Puede aceptarse incluso que el hombre esté sumamente condicionado por el poder como postulan Foucault y los estructuralistas, pero ya no es necesario decir que “el hombre ha muerto” pues hay una instancia en la que el hombre puede trascender la mera “estructura de poder” e incluso desde la cual puede sacar fuerzas para oponerse genuinamente a esta si es que ahoga su propósito o se va en contra de la escala objetiva de valores. De este modo, el humanismo teísta puede vencer al existencialismo ateo y al estructuralismo antihumanista pudiendo con ello dar una auténtica respuesta a los problemas de la postmodernidad. Más todavía: si el teísmo es cierto el hombre ya no es meramente una mota de polvo en medio del devenir “eterno” y “ciego” de la materia sino que se constituye como un ser con propósito y capacidad de trascendencia. Así que el teísmo, que ya hemos demostrado, sí tiene implicaciones existenciales muy profundas.

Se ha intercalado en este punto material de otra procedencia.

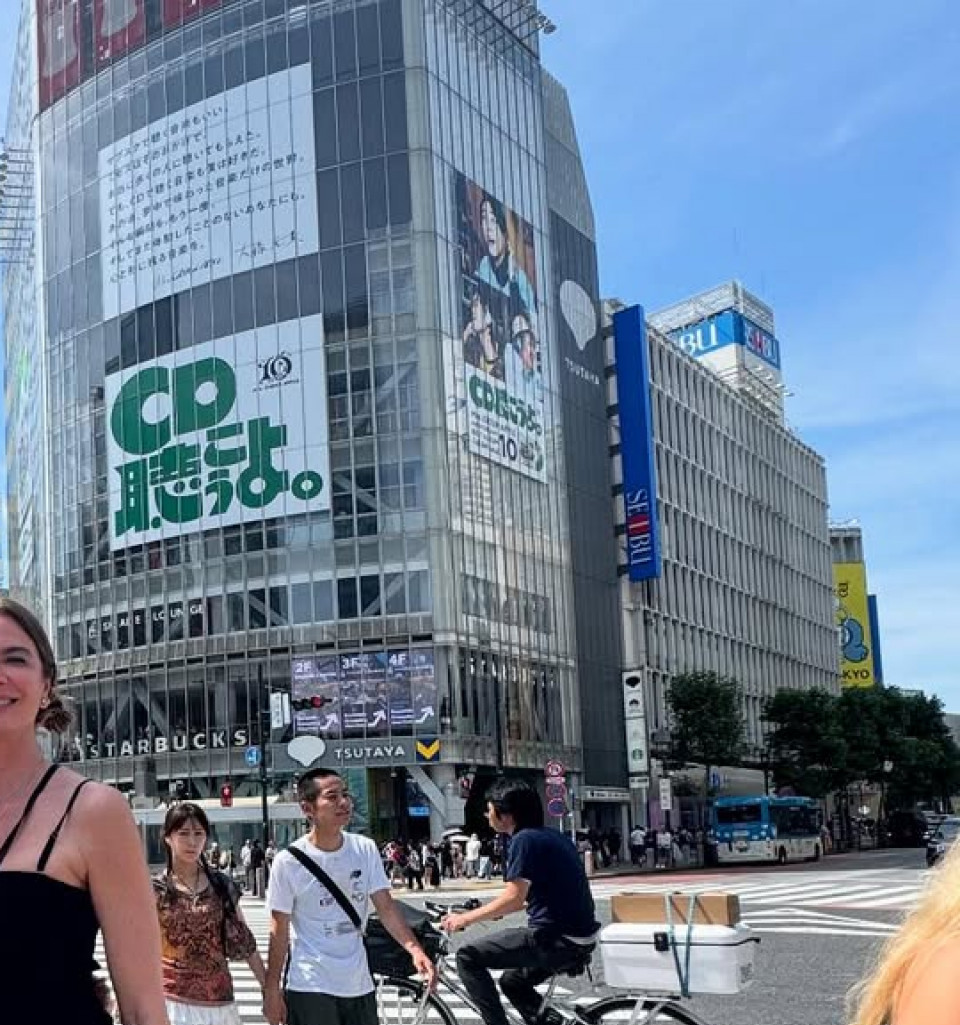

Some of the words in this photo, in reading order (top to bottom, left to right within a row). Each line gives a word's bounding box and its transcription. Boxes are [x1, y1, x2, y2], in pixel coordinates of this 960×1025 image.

Quien se lo tome en serio no puede seguir viviendo igual luego de haberlo aceptado verdaderamente pues no se trata de una mera curiosidad teórica sino que tiene claras implicancias prácticas. Es más, “¿ qué puede significar para nuestra existencia el que pueda existir un Ser Subsistente que nos sostiene, una Causa Primera que nos generó, un Ser Espiritual que nuestro espíritu nos dio y un Diseñador Cósmico que nuestra existencia deseó?, ¿podríamos seguir viviendo igual?, ¿no habría la posibilidad de que allí esté la base de la plenitud ontológica y la auténtica felicidad?” (1).
Dante A. Urbina, Dios, ¿Existe o No Existe?: El Gran Debate, Ed. Misión 2000, USA, 2014, pp. 131- 132.